High $\mathcal{SM}$ : the pattern’s evolution is dominated by self-monitoring. Changes in self-model strongly predict what happens.

Low $\mathcal{SM}$ : external factors dominate; the self-model exists but doesn’t influence much.

The thesis predicts: self-conscious states (shame, pride) have high $\mathcal{SM}$ ; absorption states (flow) have low $\mathcal{SM}$ . In CA terms, a pattern “in flow” has its self-tracking cells decoupled from its core dynamics—it acts without monitoring.

Self-Model Scope in Discrete Substrate

Beyond salience, there is scope: what does the self-model include?

In a CA, consider two gliders that have become “coupled”—their trajectories mutually dependent. Each glider’s self-model could have:

$\theta_{\text{narrow}}$ : Self-model includes only this glider. $\viable = {\text{configs where THIS pattern persists}}$ .
$\theta_{\text{expanded}}$ : Self-model includes both. $\viable = {\text{configs where BOTH persist}}$ .

Observable difference: with narrow scope, a glider might sacrifice the other to save itself. With expanded scope, it might sacrifice itself to save the pair.

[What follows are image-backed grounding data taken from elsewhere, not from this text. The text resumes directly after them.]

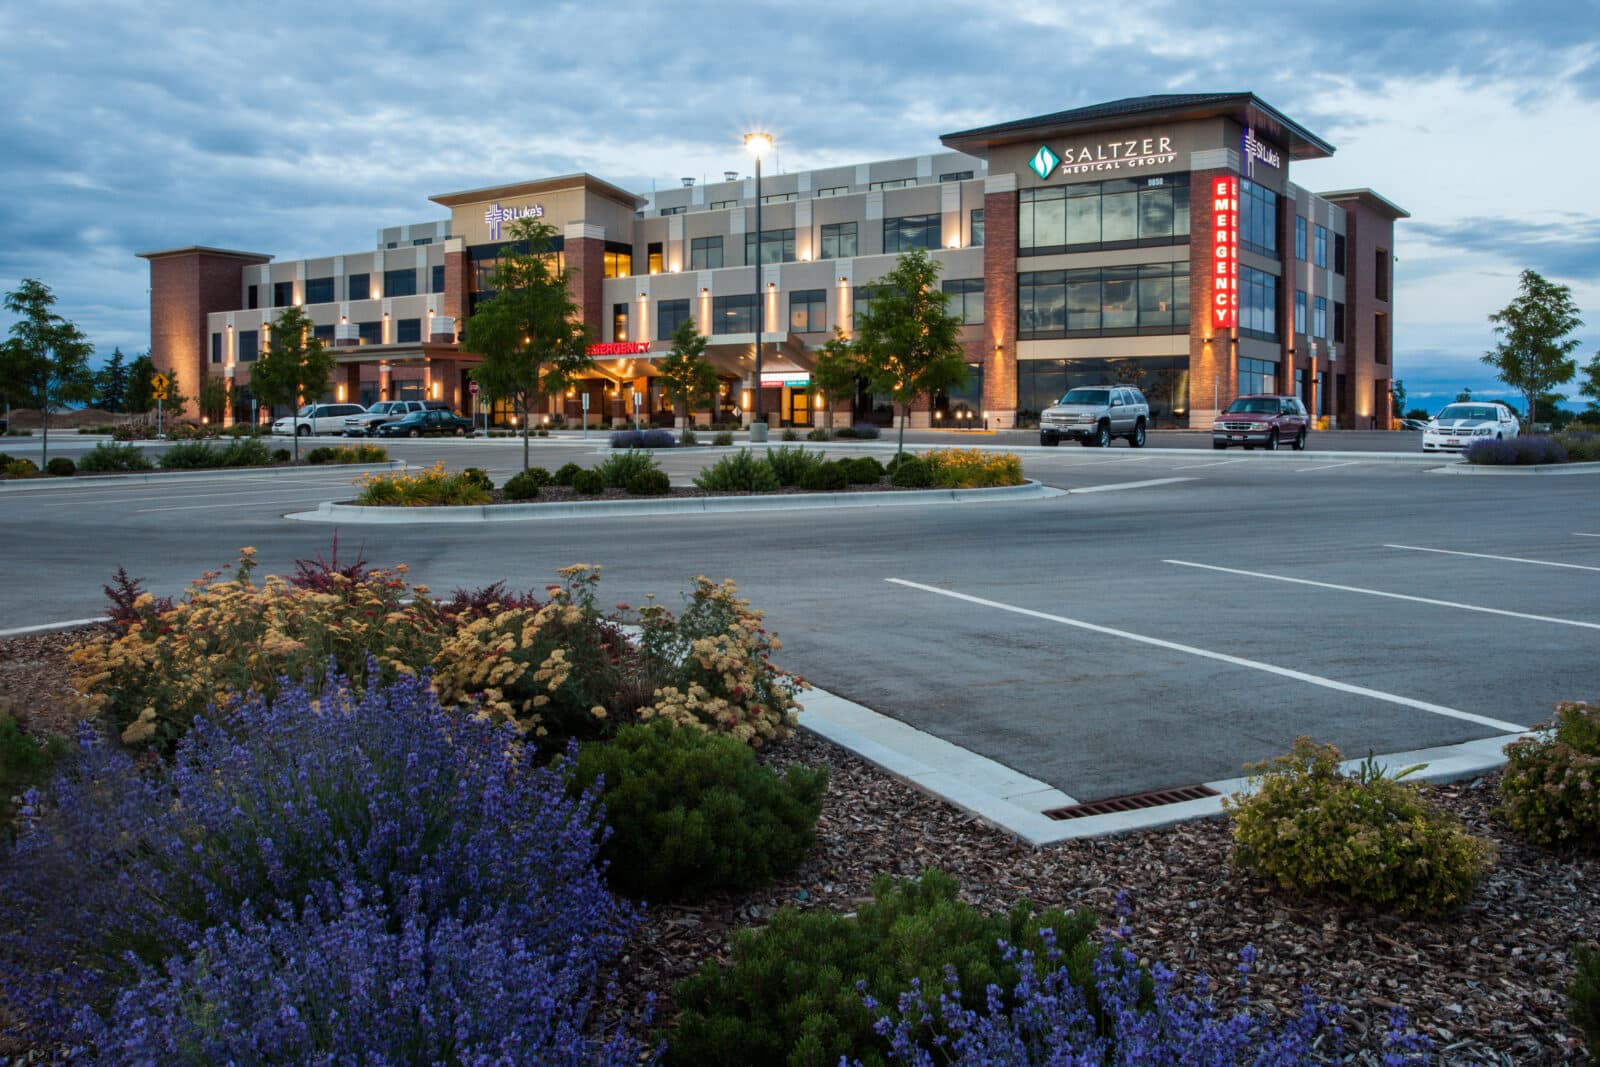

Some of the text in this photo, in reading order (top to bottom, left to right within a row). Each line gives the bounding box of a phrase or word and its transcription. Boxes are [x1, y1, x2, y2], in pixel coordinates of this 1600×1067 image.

[1065, 137, 1172, 163] SALTZER
[1263, 145, 1280, 169] Luke's
[1063, 156, 1174, 175] MEDICAL GROUP
[502, 205, 543, 222] St Luke's
[1215, 183, 1228, 321] EMERGENCY
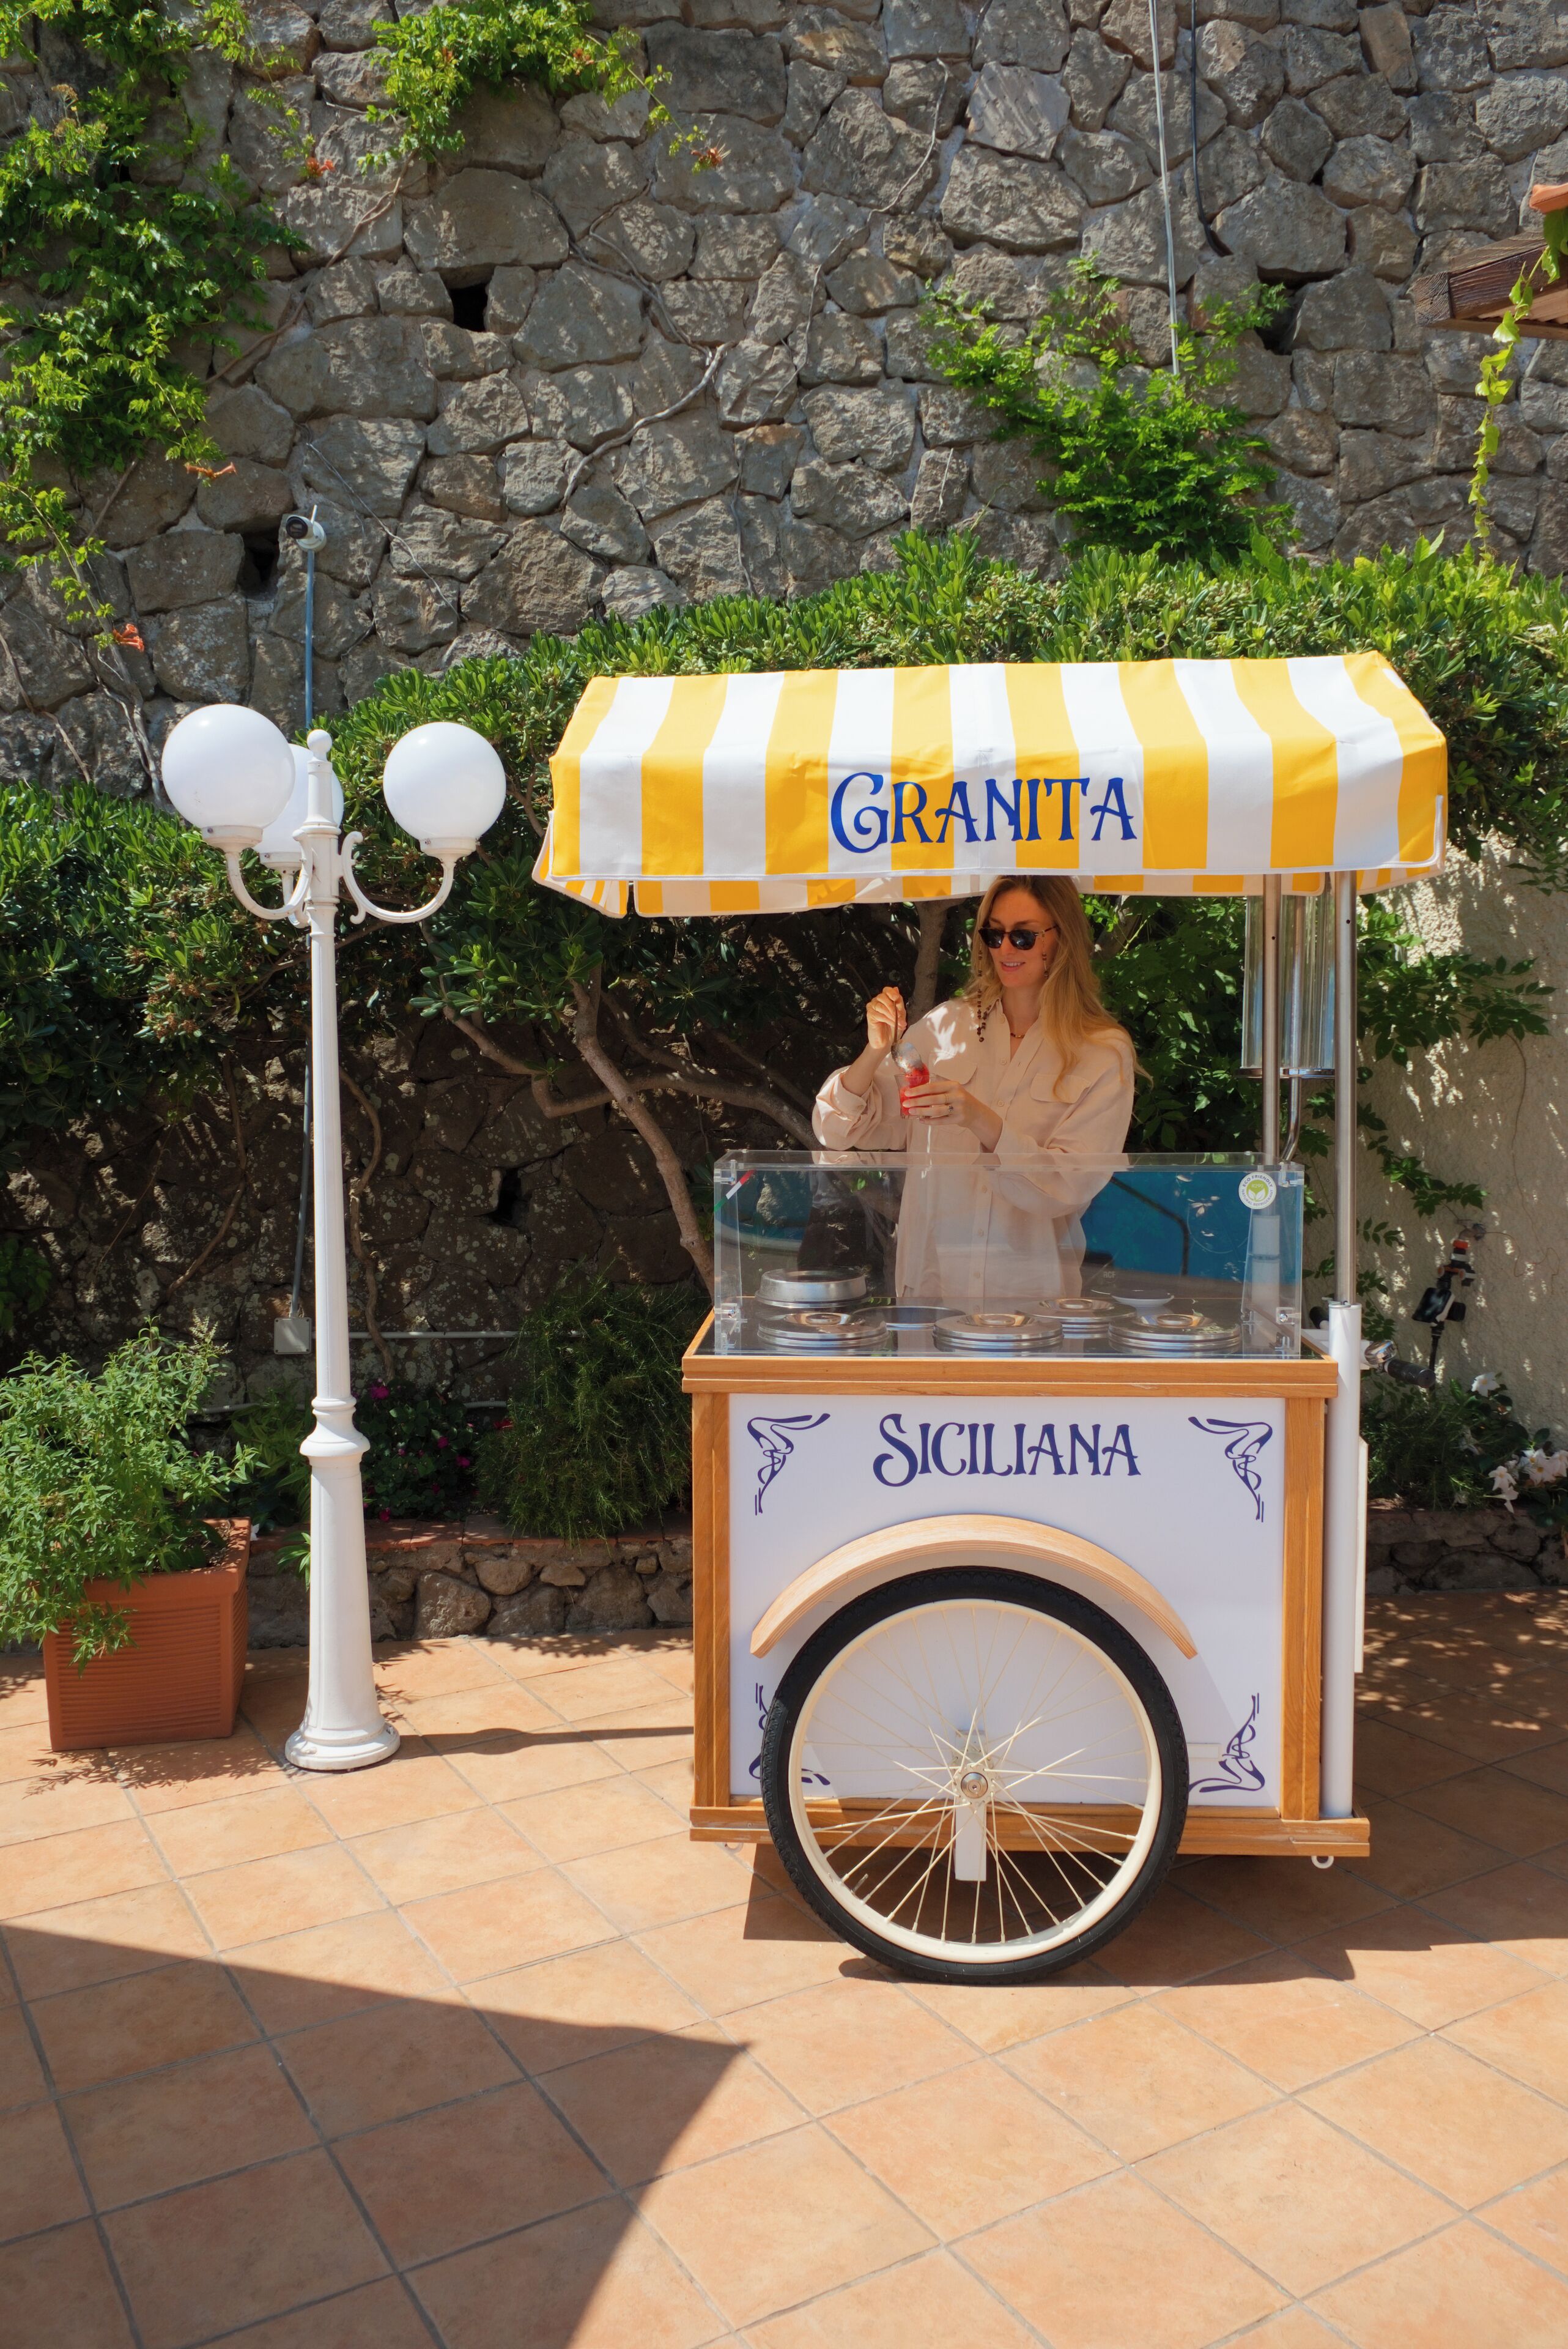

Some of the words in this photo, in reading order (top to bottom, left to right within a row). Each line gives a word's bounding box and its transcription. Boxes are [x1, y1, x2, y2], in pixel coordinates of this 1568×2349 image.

[830, 772, 1137, 853] GRANITA
[1241, 1189, 1253, 1205] NATURAL
[1252, 1174, 1273, 1187] FRIENDLY
[873, 1413, 1142, 1487] SICILIANA

Can scope expansion emerge dynamically? Can patterns that start with narrow scope “learn” to identify with larger structures? This would be the discrete-substrate analogue of the identification expansion discussed in the epilogue— $\viable(S(\theta))$ genuinely reshaped by expanding $\theta$ .

Salience vs. Scope

Self-model salience ( $\mathcal{SM}$ ) measures how much attention the self-model receives—how prominent self-reference is in current processing. But there is another parameter: self-model scope—what the self-model includes.

Let $S(\theta)$ denote the self-model parameterized by its boundary scope $\theta$ . Let $\viable(S)$ denote the viability manifold induced by self-model $S$ . Then:

$\theta_{\text{narrow}}$ : $S$ includes only this biological trajectory $\Rightarrow$ $\partial\viable$ is located at biological death $\Rightarrow$ persistent negative gradient
$\theta_{\text{expanded}}$ : $S$ includes patterns persisting beyond biological death $\Rightarrow$ $\partial\viable$ recedes $\Rightarrow$ gradient can be positive even as death approaches

This is not metaphor. If the viability manifold is defined by what the system is trying to preserve, and if what the system is trying to preserve is determined by its self-model, then self-model scope directly shapes $\viable(S(\theta))$ . Expanding identification genuinely reshapes the existential gradient.

Salience and scope interact: high salience with narrow scope produces existential anxiety (trapped in awareness of bounded self approaching boundary). High salience with expanded scope produces something closer to what contemplatives describe as “witnessing”—self-aware but identified with something that doesn’t end where the body ends.